Required work —
Each line of data below must be printed exactly as written, with any pictures removed.

====== Provided entries

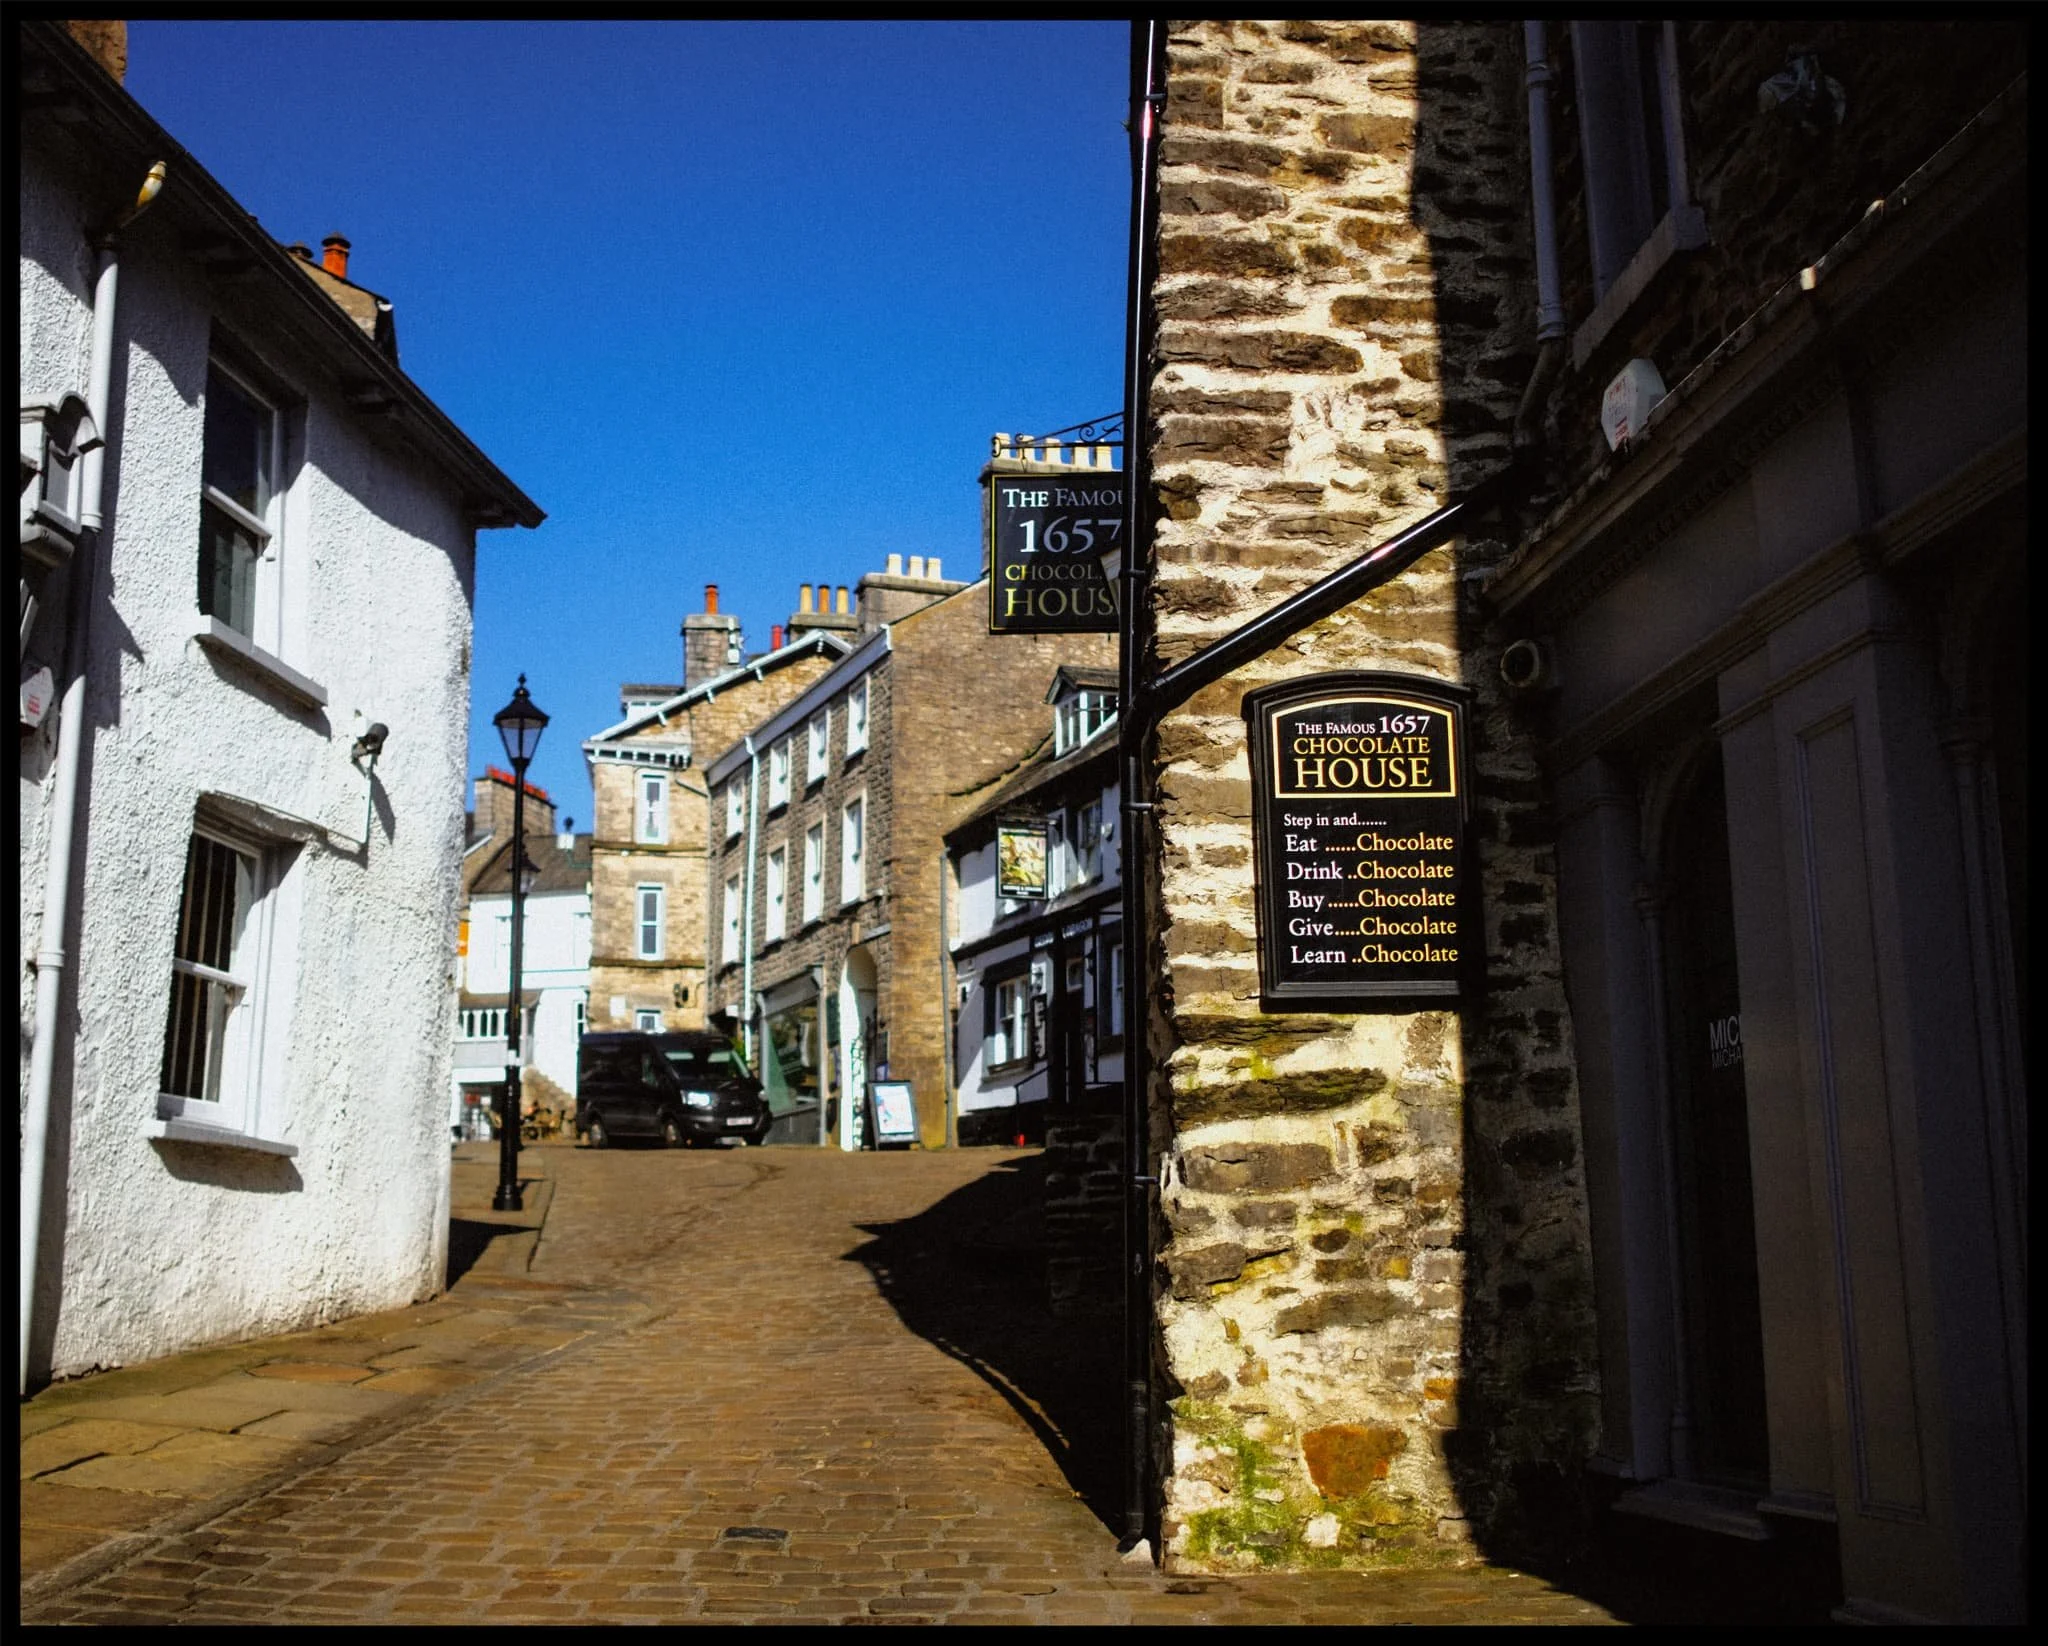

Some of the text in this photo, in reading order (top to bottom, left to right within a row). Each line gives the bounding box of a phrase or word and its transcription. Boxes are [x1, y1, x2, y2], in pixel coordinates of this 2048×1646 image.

[1002, 488, 1048, 507] THE
[1019, 516, 1122, 554] 1657
[1005, 564, 1102, 581] CHOCOL
[1295, 714, 1430, 734] THE FAMOUS 1657
[1293, 737, 1430, 754] CHOCOLATE
[1294, 757, 1432, 788] HOUSE
[1284, 814, 1312, 829] Step
[1316, 814, 1329, 826] in
[1285, 834, 1317, 852] Eat
[1286, 861, 1343, 879] Drink
[1288, 890, 1325, 912] Buy
[1291, 945, 1346, 963] Learn
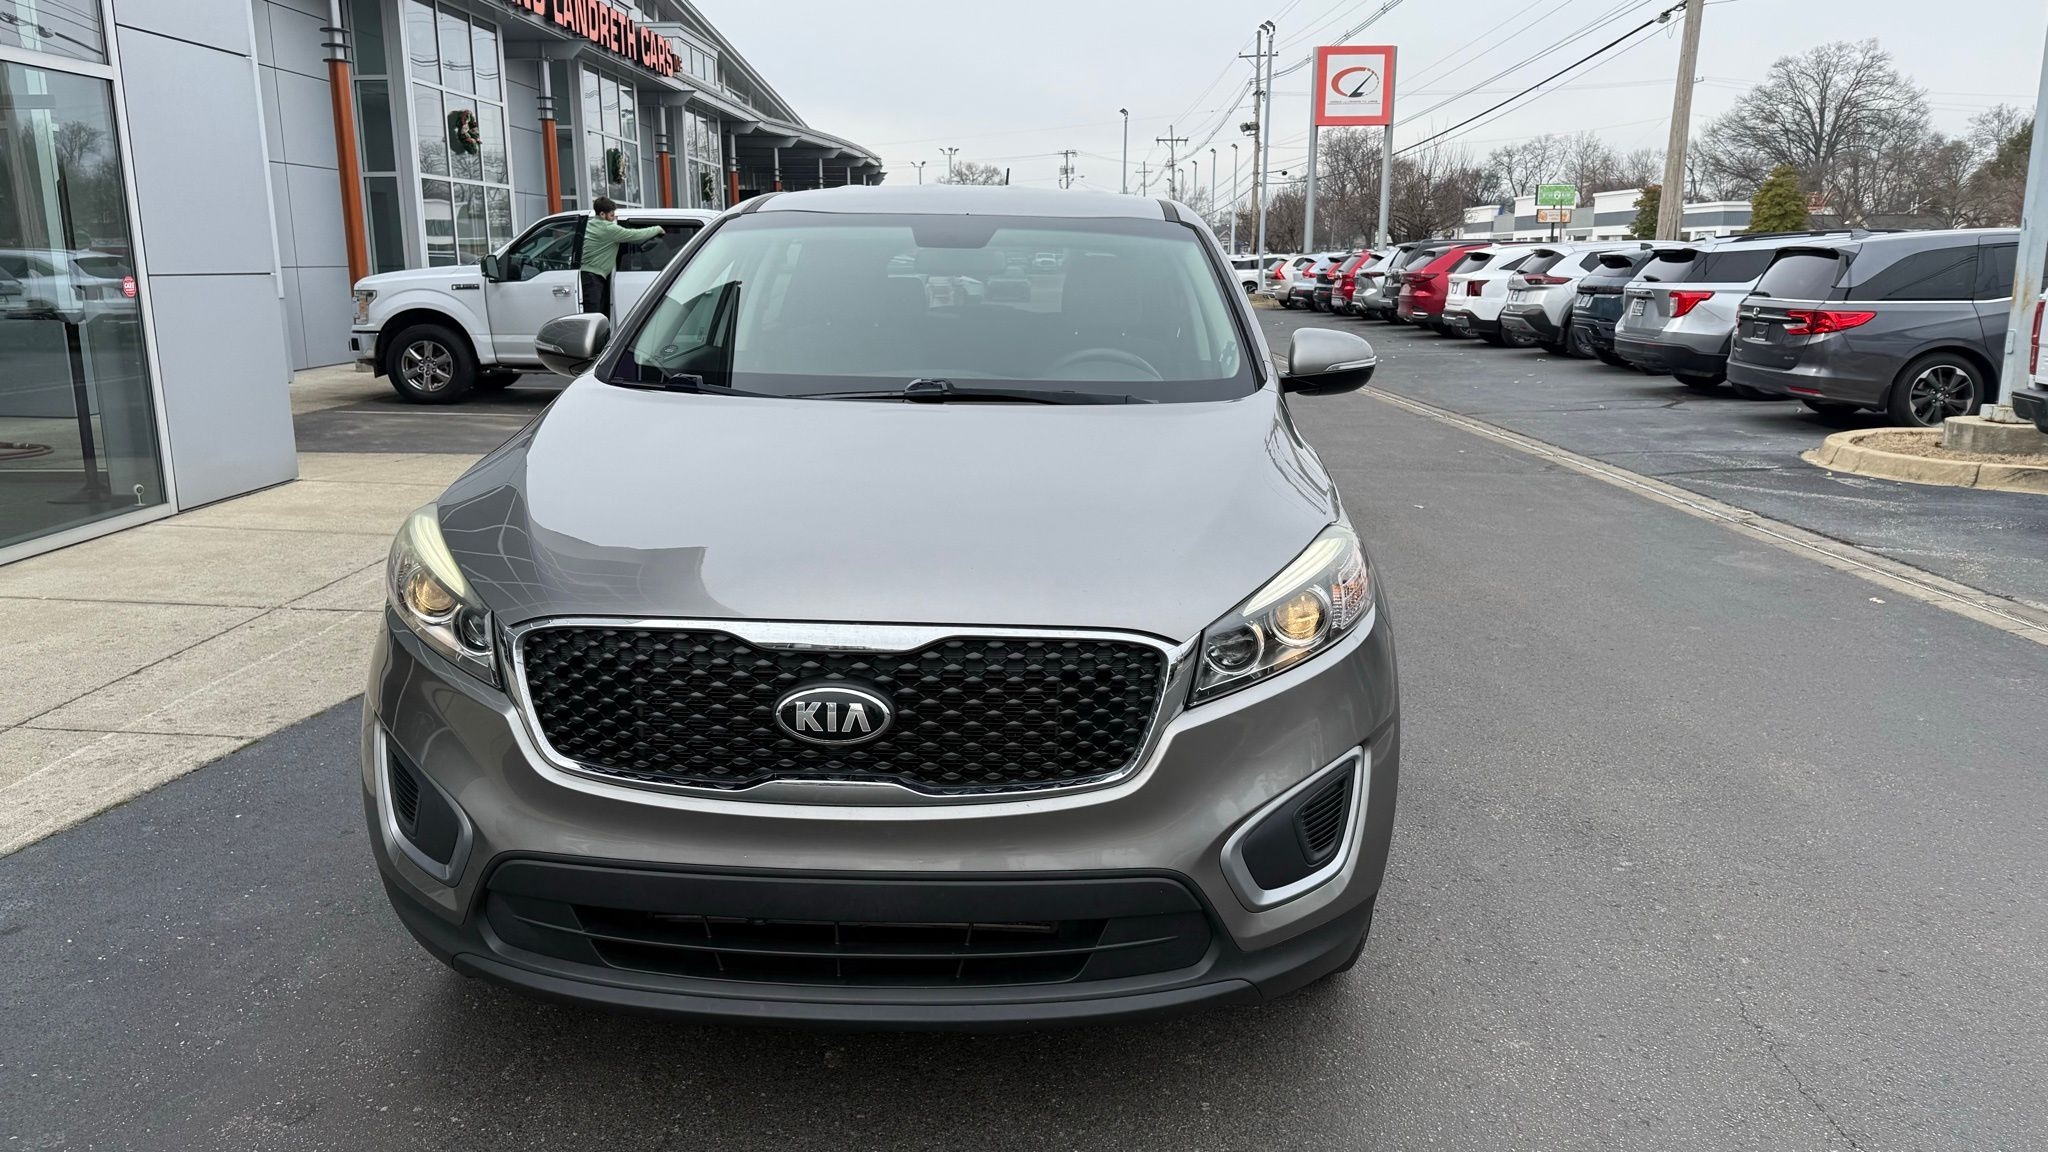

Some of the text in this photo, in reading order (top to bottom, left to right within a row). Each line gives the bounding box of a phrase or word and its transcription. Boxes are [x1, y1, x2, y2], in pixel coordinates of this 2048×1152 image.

============

Output of the task —
Some of the text in this photo, in reading order (top to bottom, left to right within a row). Each line gives the bounding box of a phrase or word and its transcription. Boxes are [x1, y1, x2, y2], in pixel coordinates of this 2048×1646 image.

[1002, 488, 1048, 507] THE
[1019, 516, 1122, 554] 1657
[1005, 564, 1102, 581] CHOCOL
[1295, 714, 1430, 734] THE FAMOUS 1657
[1293, 737, 1430, 754] CHOCOLATE
[1294, 757, 1432, 788] HOUSE
[1284, 814, 1312, 829] Step
[1316, 814, 1329, 826] in
[1285, 834, 1317, 852] Eat
[1286, 861, 1343, 879] Drink
[1288, 890, 1325, 912] Buy
[1291, 945, 1346, 963] Learn

Some of the text in this photo, in reading order (top to bottom, left to right within a row). Each line gives the bounding box of a phrase or word and its transcription. Boxes are [x1, y1, x2, y2], in pixel coordinates of this 2048×1152 image.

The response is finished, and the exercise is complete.